I am still waiting to hear from the council. And even when I do, what will I do about it? Nothing, but I’ll have evidence — if I’m right — for the next time. All I know is that motorized vehicles should stay off the moor. It’s for pedestrians with two or four legs.
Then again maybe the two-legged pedestrians should also stay away. Read this by Paul Besley, who is a mountain rescuer and volunteer warden in the Peak District and South Yorkshire.
Strewth.
AI
I have not used ChatGPT. I’m a little scared of it and of AI in general. That said, two of the most useful tools I have use AI. Devonthink, a super-organizing database that is indispensable, and which uses AI to find connections between documents that you wouldn’t. Also Transcribe by Wreally studios, which I use to transcribe manually but also, occasionally, when I think the language is clear enough, to do an automatic transcription. I knew they were not done by humans because they’re not great. I stopped paying for them because it was taking me almost as long to go through the transcript and correct it as it would to do the transcription. I would prefer to employ human transcribers, and for my last book had a brilliant transcriber in Jane Duffus. But I’m peering hard at the scrag-end of my funding, and I can’t afford human rates for all my untranscribed interviews. Anyway half of them are in Senegalese French. Yesterday I thought I would try Rev.ai. It gives you 300 minutes free. I did a comparison, sending the same audio to Transcribe and Rev. Neither is perfect — it’s “fish”, Rev, not “phish” — but Rev’s grasp is pretty astonishing. Damn. I may have to like AI.
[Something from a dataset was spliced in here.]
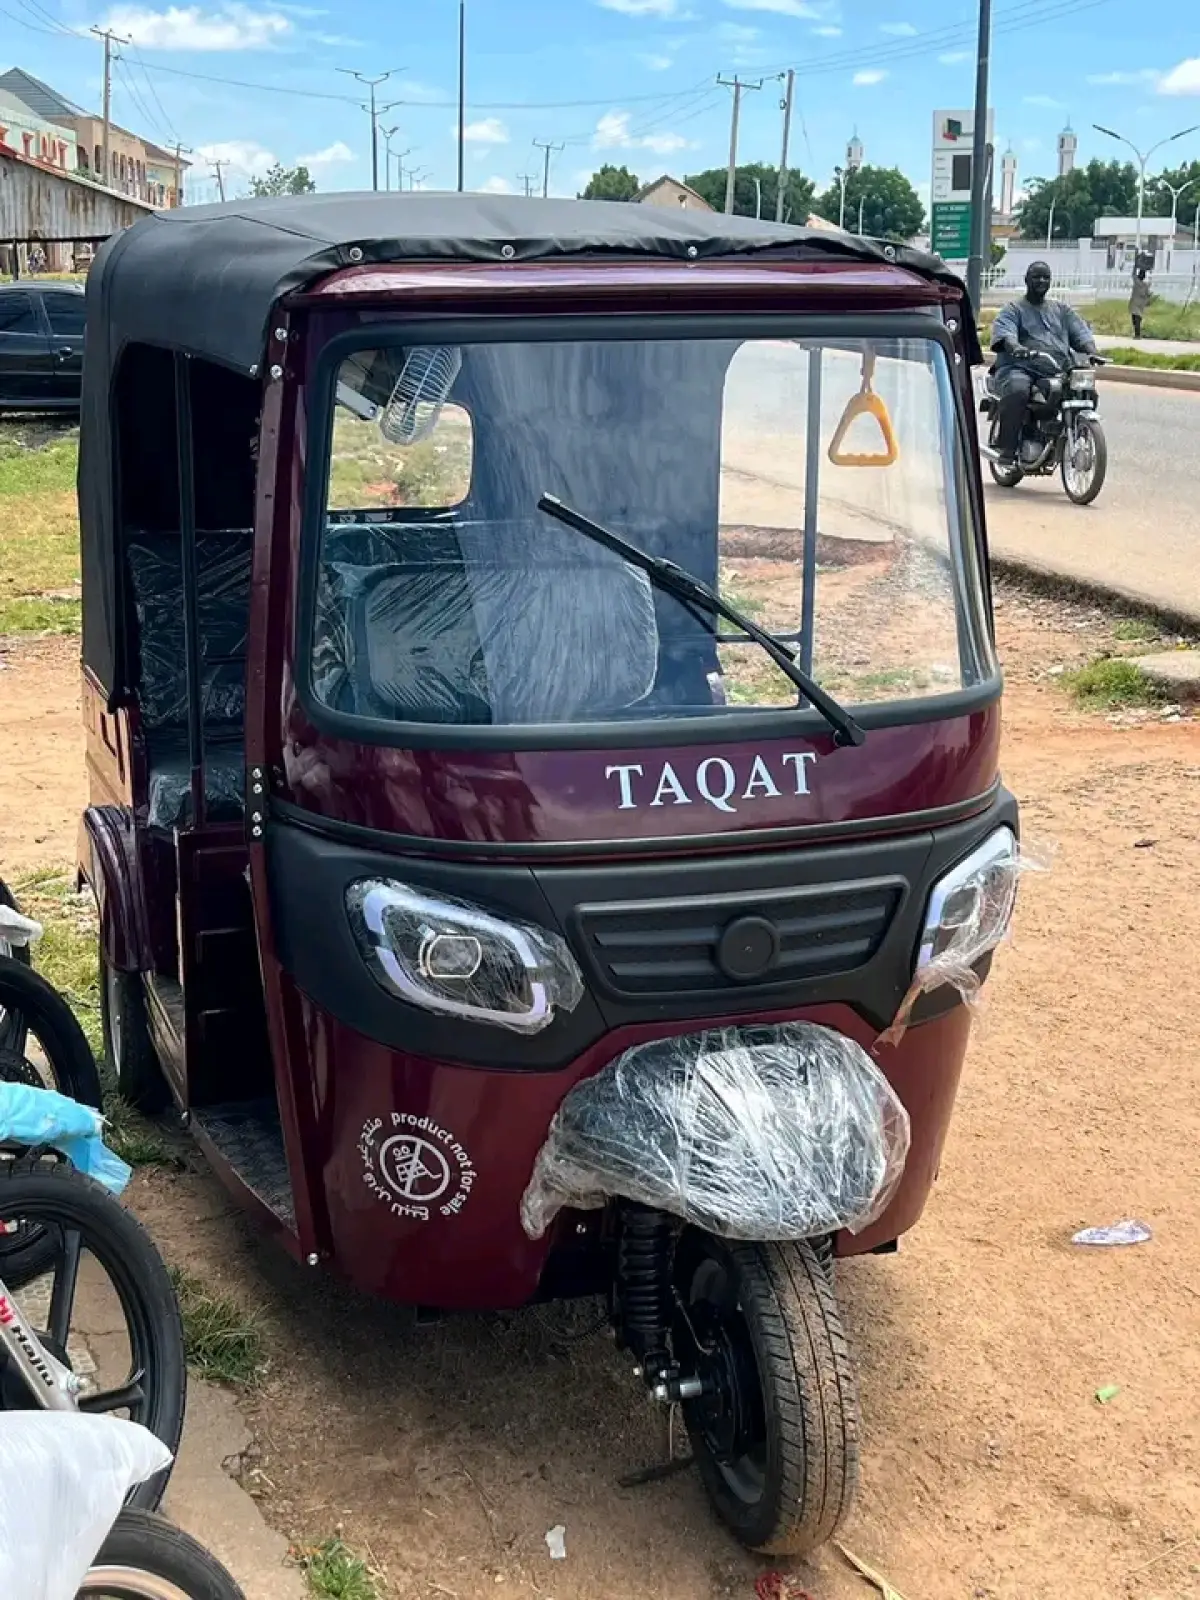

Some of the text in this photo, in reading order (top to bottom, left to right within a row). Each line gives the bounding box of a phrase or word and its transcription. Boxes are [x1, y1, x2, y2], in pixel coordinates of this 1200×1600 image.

[604, 752, 818, 813] TAQAT
[360, 1117, 383, 1146] منتج
[390, 1111, 478, 1216] product not for sale
Animal Hero of the Week: Ning Nong
In 2004, Amber Owen was on holiday in Thailand with her family. They were staying on the beach, and the eight-year-old Amber liked to ride the beach elephants. She grew to prefer Ning Nong, a four-year-old female. On Boxing Day, she was riding Ning Nong on the beach, but Ning Nong kept trying to pull away from the shore. People were on the beach gathering fish that had mysteriously been dumped on the sand. Then the tsunami arrived, and Amber was still on Ning Nong’s back. She watched people be drowned by the wave. Ning Nong kept pushing through the water, slowly. Hotel rooms were being swept away, everything was terror and chaos, but Ning Nong pushed forward. Finally she reached a wall and wedged herself against it so that Amber could climb onto the wall. Her mother Samantha caught sight of her, and they made it to their first-floor room just as part of the ground floor was swept away.
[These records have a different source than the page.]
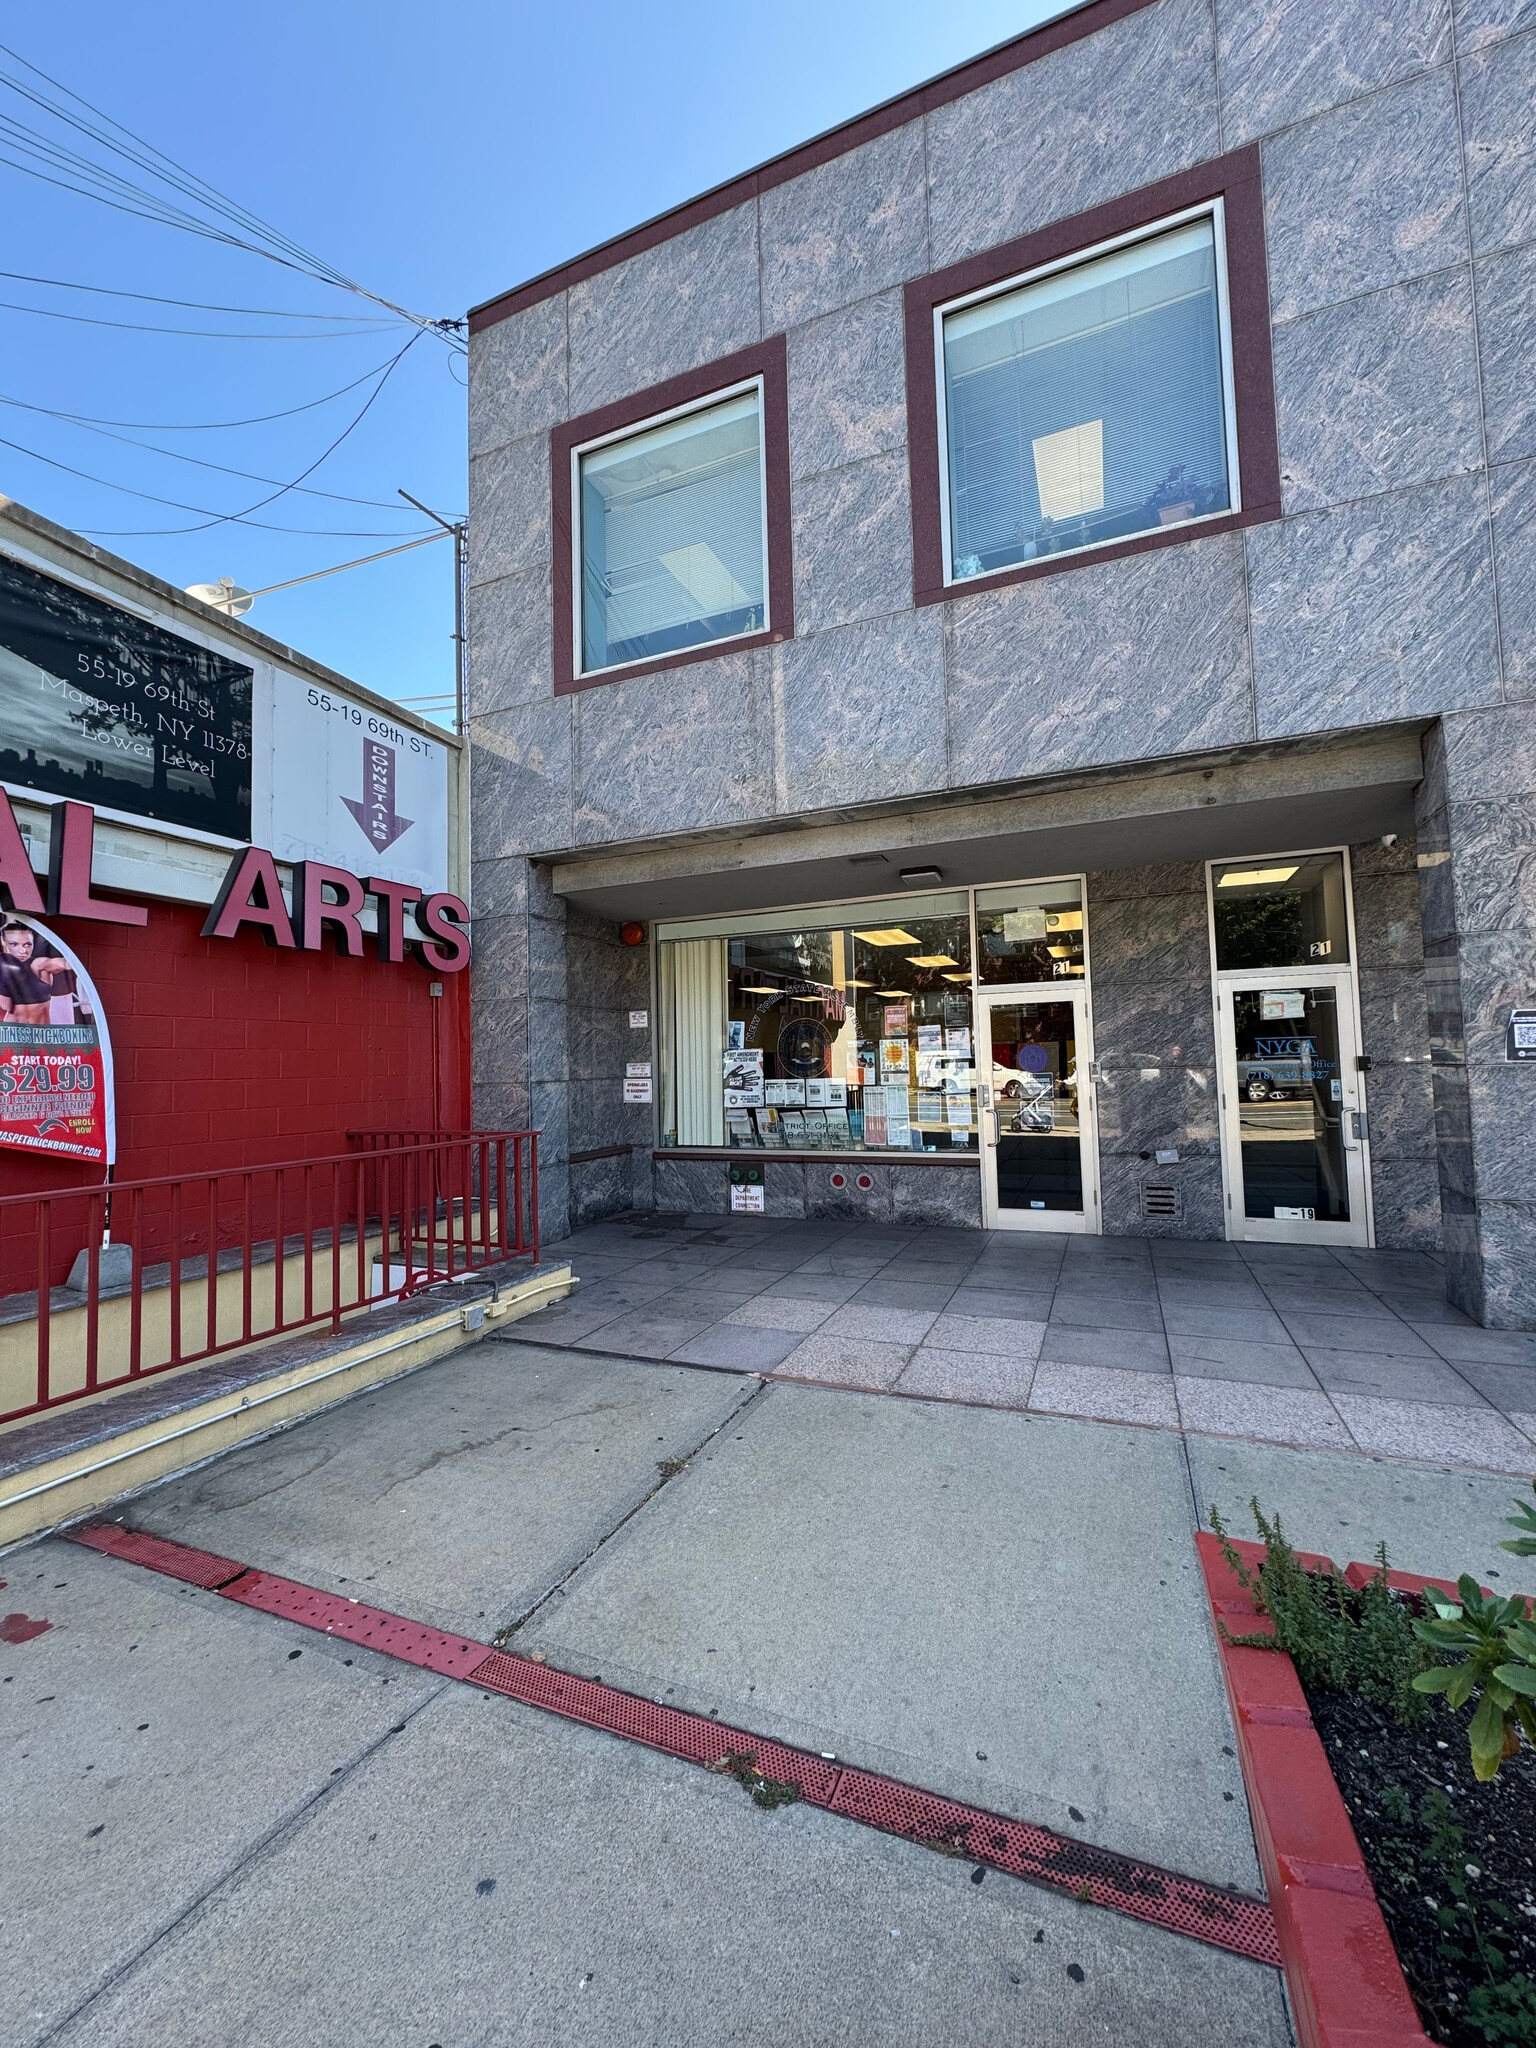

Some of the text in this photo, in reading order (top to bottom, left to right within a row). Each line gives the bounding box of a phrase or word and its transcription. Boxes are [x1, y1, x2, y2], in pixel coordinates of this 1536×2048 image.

[78, 653, 216, 721] 55-19 69th St
[39, 671, 247, 760] Maspeth, NY 11378
[307, 689, 433, 760] 55-19 69th ST.
[81, 718, 216, 778] Lower Level
[371, 744, 389, 840] DOWNSTAIRS
[201, 847, 471, 973] ARTS
[1312, 943, 1327, 955] 21
[1054, 963, 1067, 974] 21
[746, 1014, 761, 1043] NEW
[757, 991, 784, 1014] YORK
[785, 985, 822, 996] STATE
[824, 988, 866, 1039] ASSEMBLY
[0, 1026, 94, 1044] TNESS KICKBOXING
[11, 1055, 82, 1066] START TODAY!
[1309, 1060, 1337, 1068] Office
[0, 1063, 95, 1096] $29.99
[1246, 1071, 1274, 1081] (718)
[69, 1118, 96, 1127] ENROLL
[75, 1126, 92, 1136] NOW
[814, 1121, 848, 1130] OFFICE
Amber now lives in Milton Keynes and still sends money to support Phuket’s working elephants. She didn’t know what happened to Ning Nong, except that she became a book and a play by Michael Morpugo called Running Wild. Then in 2016, she was identified — how? — in an elephant camp — what’s that? — in Kanchanburi, where she had been renamed Bai Tong. Given that I’m getting that from a source called “Coconuts Bangkok” be sceptical.
That’s definitely the same elephant. Right?